What the task requires - Ignoring every picture, transcribe the data in full as it stands.

Saved data entries -
━━━━━━━━━━━━━━━━━━━━

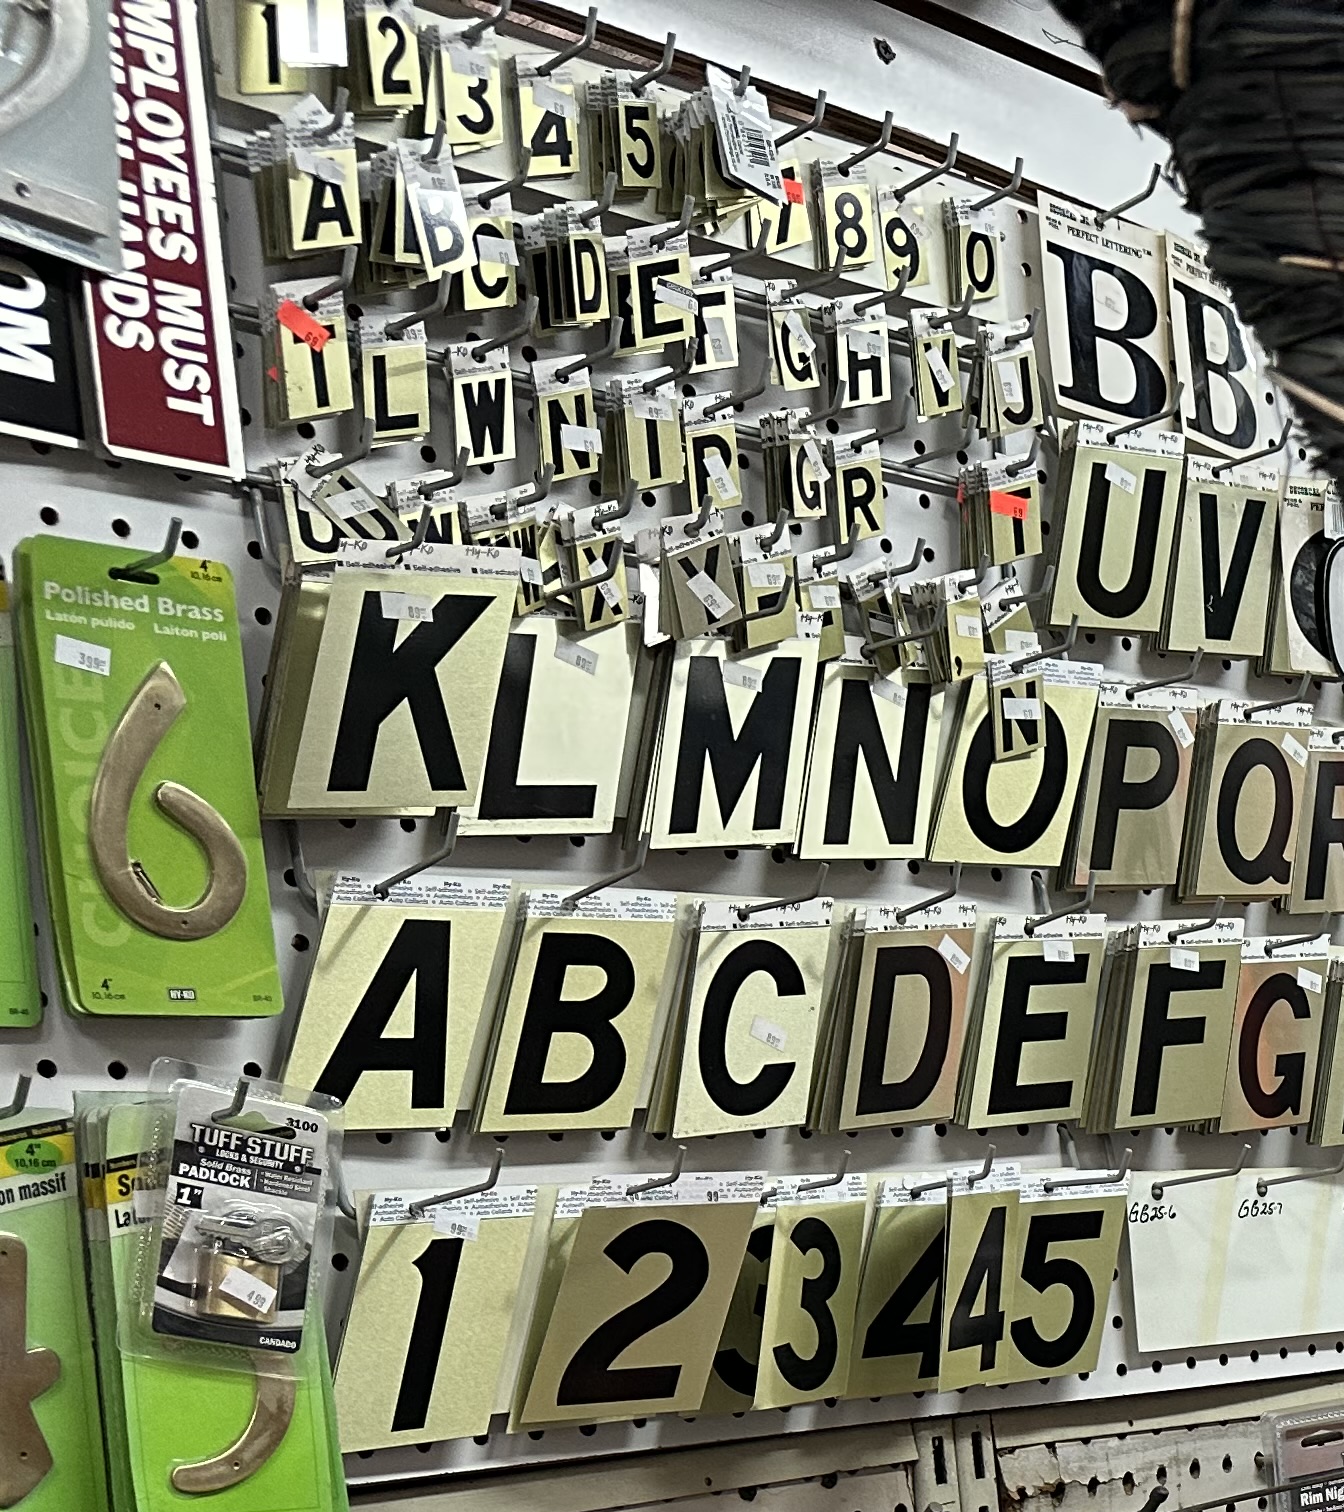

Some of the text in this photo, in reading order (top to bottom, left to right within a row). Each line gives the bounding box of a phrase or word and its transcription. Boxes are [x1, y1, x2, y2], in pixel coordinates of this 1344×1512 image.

[261, 4, 282, 85] 1
[378, 16, 411, 97] 2
[625, 106, 655, 180] 5
[422, 193, 465, 267] B
[578, 236, 604, 314] D
[635, 259, 685, 339] E
[836, 193, 867, 258] 8
[885, 217, 920, 289] 9
[154, 279, 215, 426] MUST
[375, 354, 421, 433] L
[1048, 242, 1167, 419] B
[1173, 278, 1257, 448] B
[464, 380, 509, 458] W
[844, 466, 877, 538] R
[1078, 464, 1165, 619] U
[1201, 493, 1266, 641] V
[42, 581, 224, 623] Polished Brass
[90, 614, 135, 632] pulido
[154, 622, 195, 641] Laiton
[201, 627, 227, 642] poli
[327, 591, 498, 793] K
[478, 633, 598, 821] L
[669, 656, 802, 834] M
[823, 679, 932, 845] N
[1092, 719, 1178, 871] P
[1216, 738, 1294, 886] Q
[313, 919, 452, 1110] A
[504, 932, 635, 1116] B
[700, 939, 806, 1117] C
[857, 945, 953, 1116] D
[988, 953, 1089, 1116] E
[1131, 959, 1226, 1116] F
[1239, 972, 1312, 1121] G
[179, 1162, 251, 1188] PADLOCK
[191, 1124, 314, 1164] TUFF STUFF
[216, 1149, 284, 1169] LOCKS SECURITY
[286, 1117, 318, 1133] 3100
[259, 1336, 296, 1349] CANDADO
[391, 1237, 465, 1433] 1
[557, 1219, 710, 1407] 2
[772, 1217, 842, 1391] 3
[948, 1207, 1006, 1371] 4
[1010, 1209, 1104, 1369] 5
[1301, 1491, 1323, 1506] Rim

━━━━━━━━━━━━━━━━━━━━

Output for this task -
Some of the text in this photo, in reading order (top to bottom, left to right within a row). Each line gives the bounding box of a phrase or word and its transcription. Boxes are [x1, y1, x2, y2], in pixel coordinates of this 1344×1512 image.

[261, 4, 282, 85] 1
[378, 16, 411, 97] 2
[625, 106, 655, 180] 5
[422, 193, 465, 267] B
[578, 236, 604, 314] D
[635, 259, 685, 339] E
[836, 193, 867, 258] 8
[885, 217, 920, 289] 9
[154, 279, 215, 426] MUST
[375, 354, 421, 433] L
[1048, 242, 1167, 419] B
[1173, 278, 1257, 448] B
[464, 380, 509, 458] W
[844, 466, 877, 538] R
[1078, 464, 1165, 619] U
[1201, 493, 1266, 641] V
[42, 581, 224, 623] Polished Brass
[90, 614, 135, 632] pulido
[154, 622, 195, 641] Laiton
[201, 627, 227, 642] poli
[327, 591, 498, 793] K
[478, 633, 598, 821] L
[669, 656, 802, 834] M
[823, 679, 932, 845] N
[1092, 719, 1178, 871] P
[1216, 738, 1294, 886] Q
[313, 919, 452, 1110] A
[504, 932, 635, 1116] B
[700, 939, 806, 1117] C
[857, 945, 953, 1116] D
[988, 953, 1089, 1116] E
[1131, 959, 1226, 1116] F
[1239, 972, 1312, 1121] G
[179, 1162, 251, 1188] PADLOCK
[191, 1124, 314, 1164] TUFF STUFF
[216, 1149, 284, 1169] LOCKS SECURITY
[286, 1117, 318, 1133] 3100
[259, 1336, 296, 1349] CANDADO
[391, 1237, 465, 1433] 1
[557, 1219, 710, 1407] 2
[772, 1217, 842, 1391] 3
[948, 1207, 1006, 1371] 4
[1010, 1209, 1104, 1369] 5
[1301, 1491, 1323, 1506] Rim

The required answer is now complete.